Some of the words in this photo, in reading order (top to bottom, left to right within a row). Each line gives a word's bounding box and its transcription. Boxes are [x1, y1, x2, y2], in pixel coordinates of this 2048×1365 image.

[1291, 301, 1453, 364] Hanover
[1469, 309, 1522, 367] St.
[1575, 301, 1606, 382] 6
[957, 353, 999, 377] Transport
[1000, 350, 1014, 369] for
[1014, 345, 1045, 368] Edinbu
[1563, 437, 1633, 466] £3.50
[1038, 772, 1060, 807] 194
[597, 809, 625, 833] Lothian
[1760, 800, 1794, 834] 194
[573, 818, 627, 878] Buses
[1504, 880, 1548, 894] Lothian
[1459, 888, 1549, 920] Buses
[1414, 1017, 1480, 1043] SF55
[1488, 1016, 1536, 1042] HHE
────────────────
◆ TO DO: Having gone through the data above, repeat it exactly.

◆ WORKED SOLUTION:
Some of the words in this photo, in reading order (top to bottom, left to right within a row). Each line gives a word's bounding box and its transcription. Boxes are [x1, y1, x2, y2], in pixel coordinates of this 2048×1365 image.

[1291, 301, 1453, 364] Hanover
[1469, 309, 1522, 367] St.
[1575, 301, 1606, 382] 6
[957, 353, 999, 377] Transport
[1000, 350, 1014, 369] for
[1014, 345, 1045, 368] Edinbu
[1563, 437, 1633, 466] £3.50
[1038, 772, 1060, 807] 194
[597, 809, 625, 833] Lothian
[1760, 800, 1794, 834] 194
[573, 818, 627, 878] Buses
[1504, 880, 1548, 894] Lothian
[1459, 888, 1549, 920] Buses
[1414, 1017, 1480, 1043] SF55
[1488, 1016, 1536, 1042] HHE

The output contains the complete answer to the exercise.